The problem with AML
Although children and adolescents with AML have a much better chance of survival today, AML remains one of the most threatening diagnoses. The 10-year survival rate for children with pediatric Acute Myeloid Leukemia (pAML) is still less than 50%.
Why is that? First, because pAML is a very heterogeneous disease that encompasses many clinical, genomic, epigenomic, and transcriptional subtypes. While genomic/precision medicine has achieved many successes over the past decade, developing targeted therapies for rare pAML subtypes with poor prognosis is often still prohibitively expensive.
Study shows: These pathways should be targeted in the treatment of AML
Researchers wanted to address this challenge, and they set out to identify dysregulated pathways that occur in multiple pAML subtypes and mark poorer clinical outcomes.
By spanning multiple disease subtypes, treatments targeting such pathways can overcome the cost-per patient barrier and deliver treatments to those most in need.

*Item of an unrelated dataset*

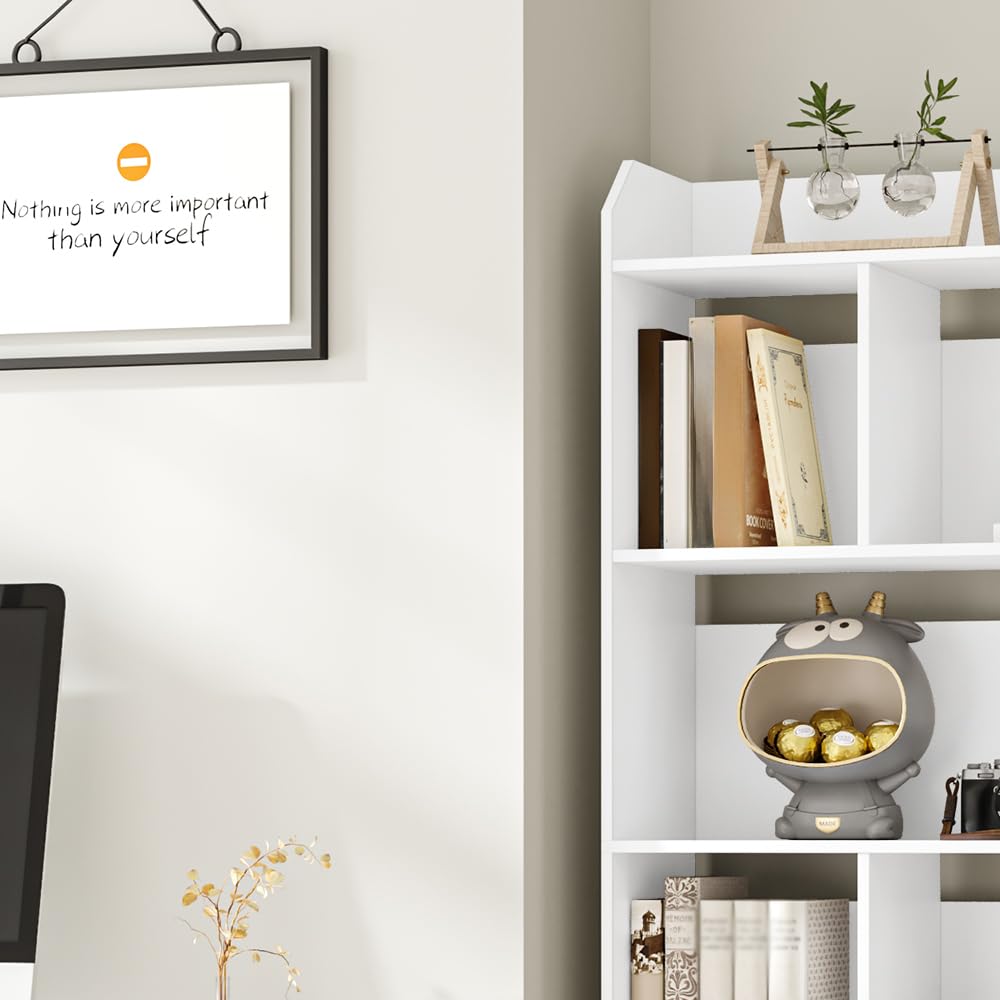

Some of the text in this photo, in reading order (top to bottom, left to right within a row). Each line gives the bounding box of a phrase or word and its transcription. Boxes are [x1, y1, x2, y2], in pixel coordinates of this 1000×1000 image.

They analyzed RNA-seq data from pre-treatment bone marrow of 1489 children with pAML and found that more than 20% of patients have concurrent IL-6, IL-1, IFNα/β, and TNFα signaling activity and worse outcomes. Five highly repetitive patterns of somatic mutations emerged from targeted sequencing of pre-treatment bone marrow samples from affected patients. Using differential expression analysis of the most common genomic subtypes (60 percent of the total), they identified high expression of multiple potential drivers of inflammation-related treatment resistance.
The authors explain:
Regardless of genomic subtype, we show that JAK1/2 inhibition reduces receptor-mediated inflammatory signaling by leukemic cells. The large number of high-risk pAML genomic subtypes presents an obstacle to the development of mutation-specific therapies. Our results suggest that therapies targeting inflammatory signaling may be effective in multiple genomic subtypes of pAML.